SOURCE: Canadian Wildlife Federation

Canadian Wildlife Federation

November 30, 2015 19:11 ET

CWF Supports the COSEWIC Assessments

And Urges the Federal Government to Take Action

OTTAWA, ON--(Marketwired - November 30, 2015) - The Canadian Wildlife Federation supports the Committee on the Status of Endangered Wildlife in Canada's (COSEWIC) recent assessment of 19 wildlife species and urges provincial and federal governments to immediately continue their work to prevent the loss of native species in Canada.

Of the 19 assessments, 15 were already legally at risk, while four new species were assessed by the committee. These 19 wildlife species were placed in various COSEWIC risk categories, including four Endangered, nine Threatened, and five Special Concern. In five cases, for example the Spotted Gar, the species' condition has worsened, and as such, COSEWIC has assessed them as having a higher risk category. But two species have retained their initial assessment, and seven, like the Flooded Jellyskin Lichen, are doing better or have new populations that have been discovered, enabling COSEWIC to decrease the level of risk category. Of the four newly assessed species, three have been given the Threatened risk category, and one, Endangered.

The threats to the majority of species assessed are unfortunately the result of human actions.
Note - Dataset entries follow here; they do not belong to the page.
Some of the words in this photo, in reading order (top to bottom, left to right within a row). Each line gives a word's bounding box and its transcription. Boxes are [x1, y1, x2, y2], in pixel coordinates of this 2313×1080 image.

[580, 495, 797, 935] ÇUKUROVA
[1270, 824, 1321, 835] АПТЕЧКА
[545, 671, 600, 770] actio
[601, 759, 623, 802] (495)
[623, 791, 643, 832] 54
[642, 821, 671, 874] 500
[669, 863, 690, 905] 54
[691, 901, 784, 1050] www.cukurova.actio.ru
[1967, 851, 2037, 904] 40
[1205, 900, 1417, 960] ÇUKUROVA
Climate change is one of these main threats. Not only is it having an effect on the species and habitats themselves, it's also exacerbating other pre-existing threats like habitat loss and invasive alien species.

The decision now lies with the federal government as to whether these species will be added to the federal at-risk list and receive the protection offered under the Species at Risk Act. The last species listed in the Act as per recommendations by COSEWIC were added in June 2012. Three bat species affected by White-nose Syndrome received an emergency listing in November 2014. CWF urges the federal government to take rapid action in order to ensure that these species may receive the protection and research efforts needed for their recovery.
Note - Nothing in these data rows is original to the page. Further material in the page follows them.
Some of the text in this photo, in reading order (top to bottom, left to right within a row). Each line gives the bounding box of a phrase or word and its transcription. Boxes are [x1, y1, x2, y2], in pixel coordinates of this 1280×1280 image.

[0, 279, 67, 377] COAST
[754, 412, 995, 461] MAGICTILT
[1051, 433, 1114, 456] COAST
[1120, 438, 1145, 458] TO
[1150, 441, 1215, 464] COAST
As one of the original members involved in forming COSEWIC in 1977, CWF remains committed to assisting in the research and conservation of Canadian wildlife and to increasing the awareness and education of Canadians about the value of these species. Through our Endangered Species Fund, we have been contributing to research and education on at-risk species like freshwater turtles and the American Eel. CWF also helped fill a knowledge gap for one of the assessed species, the Flooded Jellyskin Lichen, through our Cryptic Species Program. Since it was found in previously unsearched areas during surveys led by CWF, COSEWIC has downgraded its status from Threatened to Special Concern.

CWF will continue to work with all levels of government to ensure that species at risk have fighting chance against threats including climate change. Next week, CWF will be present at COP21 in Paris to proudly represent Canadian wildlife and be their voice in the global efforts to fight climate change.

About the Canadian Wildlife Federation:

The Canadian Wildlife Federation is a national, not-for-profit charitable organization dedicated to fostering awareness and appreciation of our natural world. By spreading knowledge of human impacts on the environment, carrying out research, developing and delivering education programs, promoting the sustainable use of natural resources, recommending changes to policy and co-operating with like-minded partners, CWF encourages a future in which Canadians can live in harmony with nature. For more information visit CanadianWildlifeFederation.ca.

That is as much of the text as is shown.